Таким образом, Ирод с помощью этих пожертвований, по сути дела, откупался от туземного населения, гася страсти и обеспечивая местным евреям мирное и безопасное существование. Этим по большому счету и объясняется то, что евреи, жившие за пределами Иудеи, относились к Ироду гораздо лучше своих соплеменников, проживавших на земле предков.
О том, насколько остро в провинциях Римской империи стояла проблема антисемитизма (давайте называть вещи своими именами), позволит понять рассказ Флавия о тех жалобах, с которыми обратились евреи к Марку Агриппе и Ироду, едва те прибыли в Ионию. По словам ионийских евреев, местные власти не только лишили их полученных от римлян привилегий, но и всячески притесняли и заставляли отдавать отложенные для пожертвований на Иерусалимский храм деньги.
Агриппа в ответ назначил официальное разбирательство жалобы ионийских евреев, хотя изначально было понятно, что он поддерживает соплеменников Ирода и намерен удовлетворить их просьбы. Однако для него было крайне важно соблюсти все требования закона, и потому в назначенный день во дворце римского наместника в Ионии собрались как лидеры местной еврейской общины, так и римские чиновники, а заодно царьки и властители разбросанных по побережью Эгейского моря карликовых греческих государств.
Любопытно, что интересы евреев на этом разбирательстве было поручено представлять нееврею — Николаю Дамасскому, который поистине блестяще справился с поставленной задачей, проявив себя знатоком и римского права, и еврейской традиции.
Николай начал с того, что если привилегии, дарованные римлянами евреям, так велики, как об этом говорят туземцы, значит, евреи этого заслужили и те, кто пытается их отобрать, нарушают принцип справедливости. Если же они, как уверяют некоторые, настолько незначительны, что вопрос об их отмене не заслуживает обсуждения, то тем более гнусно не давать евреям спокойно ими пользоваться.
Далее Николай заметил, что стремление евреев сохранить обычаи и традиции предков и следовать им, в принципе, естественно для любого народа, и ни один народ не готов поступиться этим правом. Но тот, кто хочет отобрать это право у других, в данном случае у евреев, должен быть готов к тому, что это право отберут и у него.
И в заключение Николай напомнил, что привилегии были даны евреям Великим Римом, а значит, те, кто на них посягает, одновременно посягают и на Рим и могут считаться бунтовщиками…

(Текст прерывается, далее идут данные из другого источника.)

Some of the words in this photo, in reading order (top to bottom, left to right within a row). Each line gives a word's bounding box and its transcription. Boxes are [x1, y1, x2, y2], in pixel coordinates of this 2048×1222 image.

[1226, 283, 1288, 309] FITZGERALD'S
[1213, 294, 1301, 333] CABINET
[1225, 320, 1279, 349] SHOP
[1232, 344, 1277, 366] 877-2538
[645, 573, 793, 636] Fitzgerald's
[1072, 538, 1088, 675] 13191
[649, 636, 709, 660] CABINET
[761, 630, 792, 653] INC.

Словом, это была, возможно, чуть затянутая, но хорошо продуманная, обоснованная, поистине замечательная речь, на которую и возразить-то было нечего.
Греки и не собирались спорить с приведенными Николаем фактами и доводами, понимая бессмысленность этого занятия. Поэтому они ограничились характерными для антисемитов всех времен и народов выкриками, что евреи, мол, заполонили их государство и вскоре смогут отобрать его у коренного населения; что евреи сами зачастую позволяют себе несправедливое поведение по отношению к чужакам и т. д. Евреи не остались в долгу и стали утверждать, что их верность религии и обычаям своего народа никому не вредит, и подобные обвинения не более чем выдумки и клевета.
Наконец Марк Агриппа встал, чтобы огласить вердикт, и в зале установилась тишина. Решение, как и ожидалось, оказалось в пользу евреев. Именем Рима Марк Агриппа провозгласил, что признает иудеев потерпевшей стороной, объявляет законными и сохраняет за ними все ранее данные права и привилегии и даже готов выслушать и выполнить другие их просьбы — если не сочтет их вредящими интересам Рима.
После этих слов Марк Агриппа дал знать, что собрание окончено. Расчувствовавшийся Ирод подошел к нему, чтобы заключить в объятия, и друзья на виду у всех обнялись и расцеловались.
Всем было ясно, что вердикт Агриппы в немалой степени продиктован теми дружескими чувствами, которые тот испытывает к Ироду, и евреи Греции не скрывали своей благодарности царю Иудеи.